● **Task item**
Drop the pictures, then extract the listing word for word.

+++++

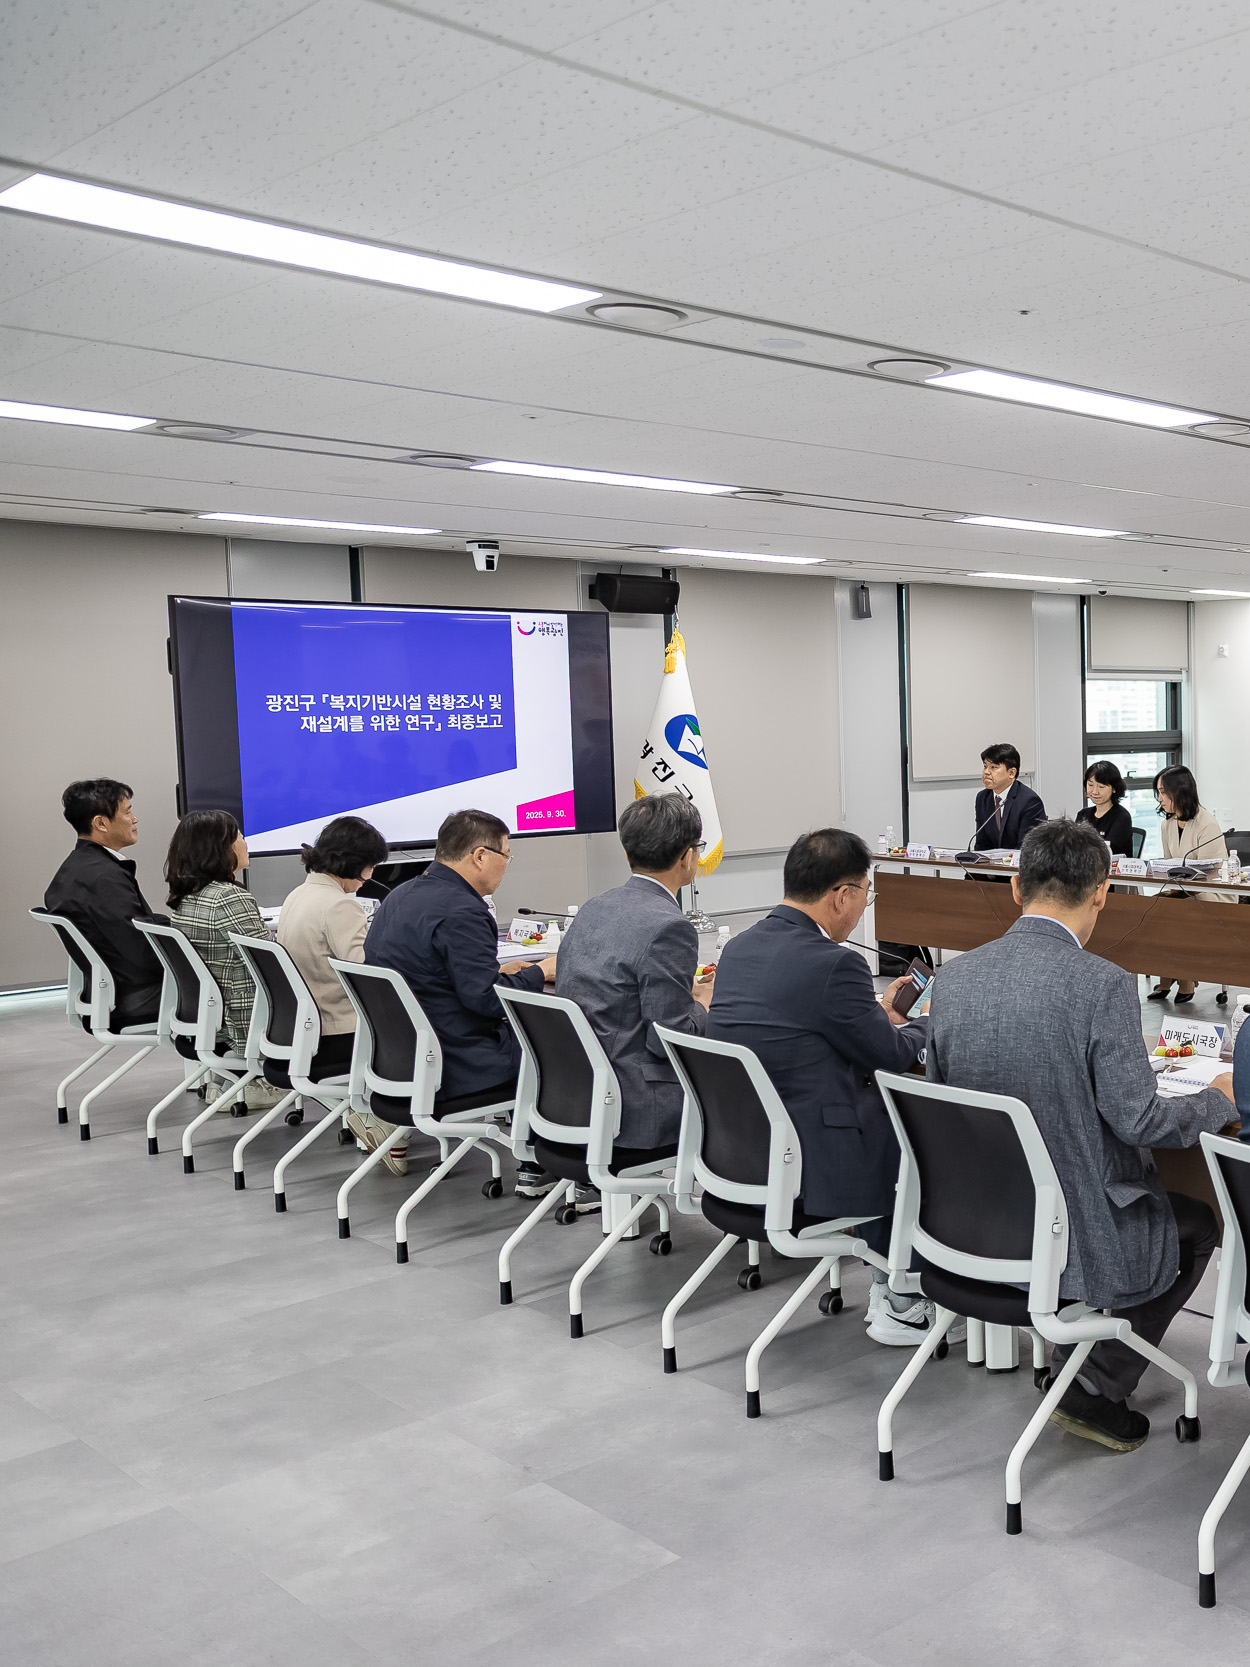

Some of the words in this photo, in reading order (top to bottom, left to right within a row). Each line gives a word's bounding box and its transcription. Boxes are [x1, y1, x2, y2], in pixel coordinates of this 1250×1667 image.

[265, 694, 316, 712] 광진구
[426, 694, 484, 711] 현황조사
[488, 693, 502, 710] 및
[300, 715, 364, 733] 재설계를
[370, 715, 401, 731] 위한
[447, 714, 504, 730] 최종보고
[525, 811, 545, 820] 2025.
[547, 811, 554, 819] 9.
[555, 810, 567, 818] 30.
[1165, 1030, 1218, 1049] 미래도시국장

+++++

● **Answer area**
Some of the words in this photo, in reading order (top to bottom, left to right within a row). Each line gives a word's bounding box and its transcription. Boxes are [x1, y1, x2, y2], in pixel coordinates of this 1250×1667 image.

[265, 694, 316, 712] 광진구
[426, 694, 484, 711] 현황조사
[488, 693, 502, 710] 및
[300, 715, 364, 733] 재설계를
[370, 715, 401, 731] 위한
[447, 714, 504, 730] 최종보고
[525, 811, 545, 820] 2025.
[547, 811, 554, 819] 9.
[555, 810, 567, 818] 30.
[1165, 1030, 1218, 1049] 미래도시국장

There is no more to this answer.